Task instructions: Copy nothing before the line containing "this 1429×1206 image.". Reproduce that line and all that follow, exactly, through the end of the records.

══════

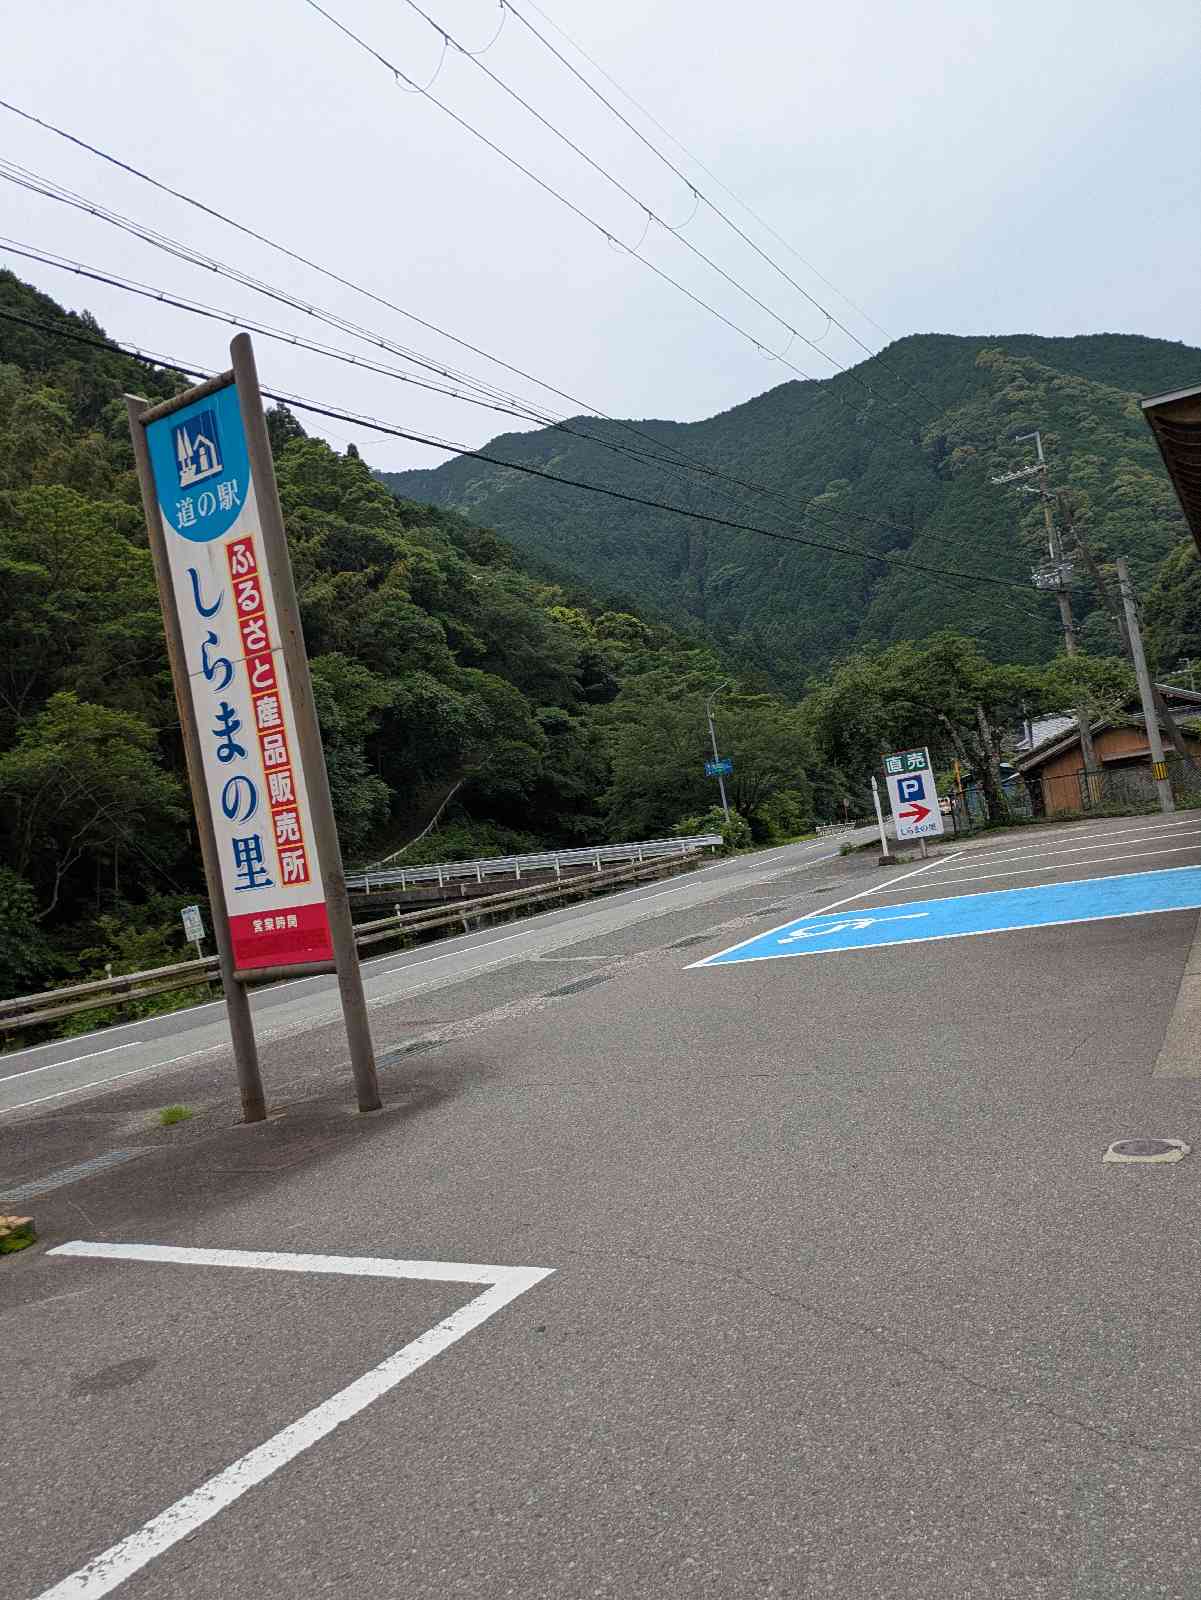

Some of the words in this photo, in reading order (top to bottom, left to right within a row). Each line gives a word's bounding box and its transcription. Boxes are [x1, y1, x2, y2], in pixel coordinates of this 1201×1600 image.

[176, 478, 242, 529] 道の駅
[187, 568, 273, 892] しらまの里
[231, 543, 305, 882] ふるさと産品販売所
[885, 753, 926, 774] 直売
[902, 780, 919, 799] P
[252, 914, 298, 934] 営業時間
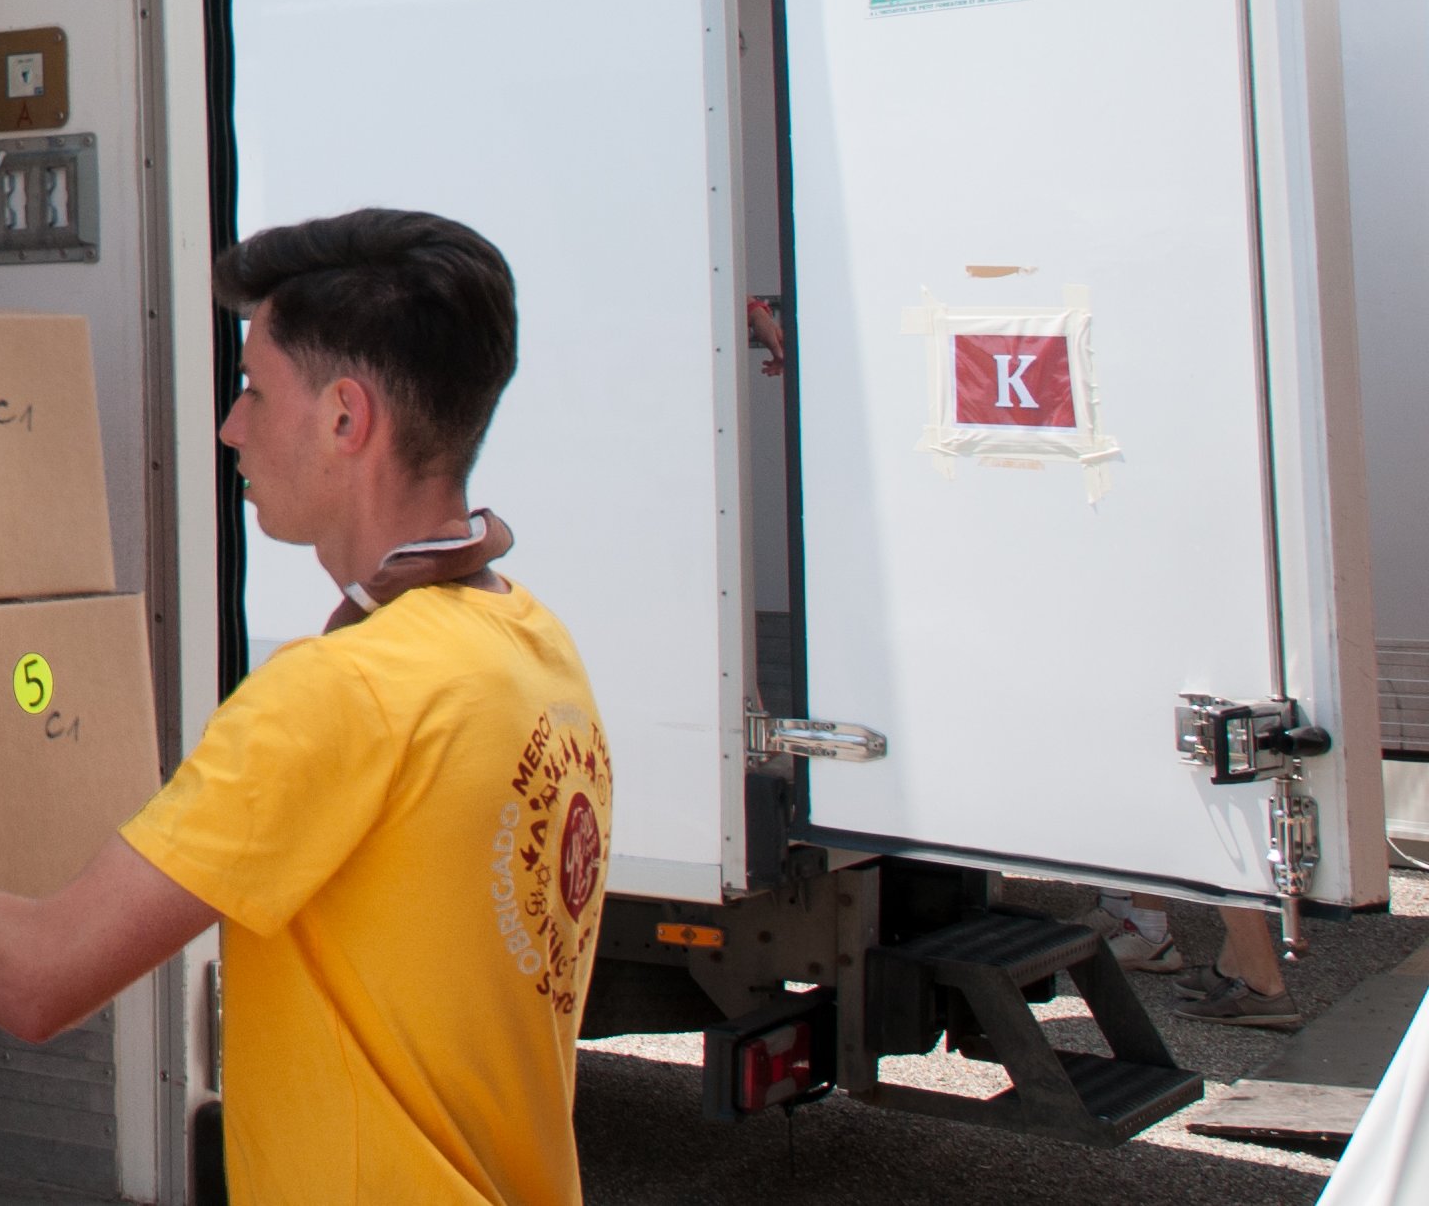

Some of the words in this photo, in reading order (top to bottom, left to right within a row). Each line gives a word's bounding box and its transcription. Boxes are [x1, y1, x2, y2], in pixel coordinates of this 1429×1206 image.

[993, 354, 1039, 409] K
[23, 658, 45, 708] 5
[44, 710, 81, 744] C1
[511, 712, 553, 797] MERCI

══════

Answer to the problem:
Some of the words in this photo, in reading order (top to bottom, left to right within a row). Each line gives a word's bounding box and its transcription. Boxes are [x1, y1, x2, y2], in pixel coordinates of this 1429×1206 image.

[993, 354, 1039, 409] K
[23, 658, 45, 708] 5
[44, 710, 81, 744] C1
[511, 712, 553, 797] MERCI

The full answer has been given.